▸ Action item
Each record is to be transcribed in full and exactly.

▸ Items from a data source
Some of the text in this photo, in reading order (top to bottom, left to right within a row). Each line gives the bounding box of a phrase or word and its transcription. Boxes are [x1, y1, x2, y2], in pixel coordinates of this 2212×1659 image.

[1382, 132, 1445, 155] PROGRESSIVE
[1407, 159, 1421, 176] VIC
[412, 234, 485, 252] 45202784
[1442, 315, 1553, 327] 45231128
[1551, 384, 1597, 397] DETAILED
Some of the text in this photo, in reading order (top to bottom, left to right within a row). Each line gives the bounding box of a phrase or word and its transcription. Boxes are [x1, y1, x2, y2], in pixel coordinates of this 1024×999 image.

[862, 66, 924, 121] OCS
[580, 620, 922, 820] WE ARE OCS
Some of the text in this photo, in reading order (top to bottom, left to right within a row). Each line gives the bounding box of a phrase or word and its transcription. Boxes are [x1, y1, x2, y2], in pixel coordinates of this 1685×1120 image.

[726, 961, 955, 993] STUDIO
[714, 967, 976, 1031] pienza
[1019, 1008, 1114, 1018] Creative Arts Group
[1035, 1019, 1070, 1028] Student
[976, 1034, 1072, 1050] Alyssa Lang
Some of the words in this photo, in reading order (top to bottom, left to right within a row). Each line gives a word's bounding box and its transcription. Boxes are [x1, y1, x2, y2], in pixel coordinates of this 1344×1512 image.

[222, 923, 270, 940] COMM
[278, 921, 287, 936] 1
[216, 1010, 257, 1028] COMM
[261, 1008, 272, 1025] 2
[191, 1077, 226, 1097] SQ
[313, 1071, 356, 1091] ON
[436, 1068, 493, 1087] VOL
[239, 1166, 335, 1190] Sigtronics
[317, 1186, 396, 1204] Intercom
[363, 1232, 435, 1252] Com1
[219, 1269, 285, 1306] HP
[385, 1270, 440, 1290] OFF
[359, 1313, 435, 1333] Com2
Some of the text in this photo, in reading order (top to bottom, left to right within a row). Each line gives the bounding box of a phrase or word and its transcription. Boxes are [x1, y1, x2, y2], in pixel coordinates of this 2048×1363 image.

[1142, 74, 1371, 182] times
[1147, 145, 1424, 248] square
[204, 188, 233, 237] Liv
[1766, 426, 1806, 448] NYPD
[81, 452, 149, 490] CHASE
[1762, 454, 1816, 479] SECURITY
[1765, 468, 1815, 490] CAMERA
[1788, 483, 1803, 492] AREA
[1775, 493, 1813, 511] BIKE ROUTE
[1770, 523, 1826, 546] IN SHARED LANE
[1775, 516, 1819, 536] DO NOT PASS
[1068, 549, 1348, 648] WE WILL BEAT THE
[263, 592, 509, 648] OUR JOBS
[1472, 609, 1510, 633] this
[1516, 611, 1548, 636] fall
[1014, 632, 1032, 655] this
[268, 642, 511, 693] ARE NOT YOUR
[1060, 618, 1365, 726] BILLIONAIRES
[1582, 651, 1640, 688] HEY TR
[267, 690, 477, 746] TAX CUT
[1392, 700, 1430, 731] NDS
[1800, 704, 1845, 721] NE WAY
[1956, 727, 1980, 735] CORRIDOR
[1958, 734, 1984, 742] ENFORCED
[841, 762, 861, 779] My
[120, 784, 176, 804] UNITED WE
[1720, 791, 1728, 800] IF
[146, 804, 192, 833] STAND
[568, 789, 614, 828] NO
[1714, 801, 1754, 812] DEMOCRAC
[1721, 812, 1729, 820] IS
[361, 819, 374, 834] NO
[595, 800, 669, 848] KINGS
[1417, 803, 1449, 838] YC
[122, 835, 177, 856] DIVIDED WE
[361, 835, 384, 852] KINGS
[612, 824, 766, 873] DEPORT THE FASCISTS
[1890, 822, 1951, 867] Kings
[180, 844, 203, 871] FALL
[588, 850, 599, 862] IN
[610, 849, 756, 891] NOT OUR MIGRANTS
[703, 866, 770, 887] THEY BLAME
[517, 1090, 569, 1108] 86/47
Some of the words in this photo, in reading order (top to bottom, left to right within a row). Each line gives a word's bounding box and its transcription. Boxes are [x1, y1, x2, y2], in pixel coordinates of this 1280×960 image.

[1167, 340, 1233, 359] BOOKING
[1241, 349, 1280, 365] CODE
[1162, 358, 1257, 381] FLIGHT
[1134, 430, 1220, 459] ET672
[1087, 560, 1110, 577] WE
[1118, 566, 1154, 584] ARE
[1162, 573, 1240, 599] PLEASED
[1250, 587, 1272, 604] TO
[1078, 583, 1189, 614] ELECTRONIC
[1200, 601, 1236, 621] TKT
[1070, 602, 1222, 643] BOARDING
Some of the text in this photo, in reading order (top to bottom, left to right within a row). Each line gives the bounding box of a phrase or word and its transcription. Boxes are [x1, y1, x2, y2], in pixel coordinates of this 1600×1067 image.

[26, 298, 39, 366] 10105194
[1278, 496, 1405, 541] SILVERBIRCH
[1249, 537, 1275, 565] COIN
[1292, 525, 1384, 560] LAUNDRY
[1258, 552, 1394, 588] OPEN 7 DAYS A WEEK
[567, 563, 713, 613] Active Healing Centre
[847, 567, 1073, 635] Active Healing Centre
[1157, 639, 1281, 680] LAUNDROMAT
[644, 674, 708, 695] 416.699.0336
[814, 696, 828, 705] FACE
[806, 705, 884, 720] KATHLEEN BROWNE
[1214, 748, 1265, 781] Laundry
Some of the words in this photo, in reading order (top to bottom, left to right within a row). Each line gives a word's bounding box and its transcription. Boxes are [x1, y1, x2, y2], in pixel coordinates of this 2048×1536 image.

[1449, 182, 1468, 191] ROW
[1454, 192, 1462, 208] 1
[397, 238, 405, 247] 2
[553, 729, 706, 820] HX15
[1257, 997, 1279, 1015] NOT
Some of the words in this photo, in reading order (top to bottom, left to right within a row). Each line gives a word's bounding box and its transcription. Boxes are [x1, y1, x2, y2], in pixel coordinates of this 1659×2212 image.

▸ Exercise response
Some of the text in this photo, in reading order (top to bottom, left to right within a row). Each line gives the bounding box of a phrase or word and its transcription. Boxes are [x1, y1, x2, y2], in pixel coordinates of this 2212×1659 image.

[1382, 132, 1445, 155] PROGRESSIVE
[1407, 159, 1421, 176] VIC
[412, 234, 485, 252] 45202784
[1442, 315, 1553, 327] 45231128
[1551, 384, 1597, 397] DETAILED
Some of the text in this photo, in reading order (top to bottom, left to right within a row). Each line gives the bounding box of a phrase or word and its transcription. Boxes are [x1, y1, x2, y2], in pixel coordinates of this 1024×999 image.

[862, 66, 924, 121] OCS
[580, 620, 922, 820] WE ARE OCS
Some of the text in this photo, in reading order (top to bottom, left to right within a row). Each line gives the bounding box of a phrase or word and its transcription. Boxes are [x1, y1, x2, y2], in pixel coordinates of this 1685×1120 image.

[726, 961, 955, 993] STUDIO
[714, 967, 976, 1031] pienza
[1019, 1008, 1114, 1018] Creative Arts Group
[1035, 1019, 1070, 1028] Student
[976, 1034, 1072, 1050] Alyssa Lang
Some of the words in this photo, in reading order (top to bottom, left to right within a row). Each line gives a word's bounding box and its transcription. Boxes are [x1, y1, x2, y2], in pixel coordinates of this 1344×1512 image.

[222, 923, 270, 940] COMM
[278, 921, 287, 936] 1
[216, 1010, 257, 1028] COMM
[261, 1008, 272, 1025] 2
[191, 1077, 226, 1097] SQ
[313, 1071, 356, 1091] ON
[436, 1068, 493, 1087] VOL
[239, 1166, 335, 1190] Sigtronics
[317, 1186, 396, 1204] Intercom
[363, 1232, 435, 1252] Com1
[219, 1269, 285, 1306] HP
[385, 1270, 440, 1290] OFF
[359, 1313, 435, 1333] Com2
Some of the text in this photo, in reading order (top to bottom, left to right within a row). Each line gives the bounding box of a phrase or word and its transcription. Boxes are [x1, y1, x2, y2], in pixel coordinates of this 2048×1363 image.

[1142, 74, 1371, 182] times
[1147, 145, 1424, 248] square
[204, 188, 233, 237] Liv
[1766, 426, 1806, 448] NYPD
[81, 452, 149, 490] CHASE
[1762, 454, 1816, 479] SECURITY
[1765, 468, 1815, 490] CAMERA
[1788, 483, 1803, 492] AREA
[1775, 493, 1813, 511] BIKE ROUTE
[1770, 523, 1826, 546] IN SHARED LANE
[1775, 516, 1819, 536] DO NOT PASS
[1068, 549, 1348, 648] WE WILL BEAT THE
[263, 592, 509, 648] OUR JOBS
[1472, 609, 1510, 633] this
[1516, 611, 1548, 636] fall
[1014, 632, 1032, 655] this
[268, 642, 511, 693] ARE NOT YOUR
[1060, 618, 1365, 726] BILLIONAIRES
[1582, 651, 1640, 688] HEY TR
[267, 690, 477, 746] TAX CUT
[1392, 700, 1430, 731] NDS
[1800, 704, 1845, 721] NE WAY
[1956, 727, 1980, 735] CORRIDOR
[1958, 734, 1984, 742] ENFORCED
[841, 762, 861, 779] My
[120, 784, 176, 804] UNITED WE
[1720, 791, 1728, 800] IF
[146, 804, 192, 833] STAND
[568, 789, 614, 828] NO
[1714, 801, 1754, 812] DEMOCRAC
[1721, 812, 1729, 820] IS
[361, 819, 374, 834] NO
[595, 800, 669, 848] KINGS
[1417, 803, 1449, 838] YC
[122, 835, 177, 856] DIVIDED WE
[361, 835, 384, 852] KINGS
[612, 824, 766, 873] DEPORT THE FASCISTS
[1890, 822, 1951, 867] Kings
[180, 844, 203, 871] FALL
[588, 850, 599, 862] IN
[610, 849, 756, 891] NOT OUR MIGRANTS
[703, 866, 770, 887] THEY BLAME
[517, 1090, 569, 1108] 86/47
Some of the words in this photo, in reading order (top to bottom, left to right within a row). Each line gives a word's bounding box and its transcription. Boxes are [x1, y1, x2, y2], in pixel coordinates of this 1280×960 image.

[1167, 340, 1233, 359] BOOKING
[1241, 349, 1280, 365] CODE
[1162, 358, 1257, 381] FLIGHT
[1134, 430, 1220, 459] ET672
[1087, 560, 1110, 577] WE
[1118, 566, 1154, 584] ARE
[1162, 573, 1240, 599] PLEASED
[1250, 587, 1272, 604] TO
[1078, 583, 1189, 614] ELECTRONIC
[1200, 601, 1236, 621] TKT
[1070, 602, 1222, 643] BOARDING
Some of the text in this photo, in reading order (top to bottom, left to right within a row). Each line gives the bounding box of a phrase or word and its transcription. Boxes are [x1, y1, x2, y2], in pixel coordinates of this 1600×1067 image.

[26, 298, 39, 366] 10105194
[1278, 496, 1405, 541] SILVERBIRCH
[1249, 537, 1275, 565] COIN
[1292, 525, 1384, 560] LAUNDRY
[1258, 552, 1394, 588] OPEN 7 DAYS A WEEK
[567, 563, 713, 613] Active Healing Centre
[847, 567, 1073, 635] Active Healing Centre
[1157, 639, 1281, 680] LAUNDROMAT
[644, 674, 708, 695] 416.699.0336
[814, 696, 828, 705] FACE
[806, 705, 884, 720] KATHLEEN BROWNE
[1214, 748, 1265, 781] Laundry
Some of the words in this photo, in reading order (top to bottom, left to right within a row). Each line gives a word's bounding box and its transcription. Boxes are [x1, y1, x2, y2], in pixel coordinates of this 2048×1536 image.

[1449, 182, 1468, 191] ROW
[1454, 192, 1462, 208] 1
[397, 238, 405, 247] 2
[553, 729, 706, 820] HX15
[1257, 997, 1279, 1015] NOT
Some of the words in this photo, in reading order (top to bottom, left to right within a row). Each line gives a word's bounding box and its transcription. Boxes are [x1, y1, x2, y2], in pixel coordinates of this 1659×2212 image.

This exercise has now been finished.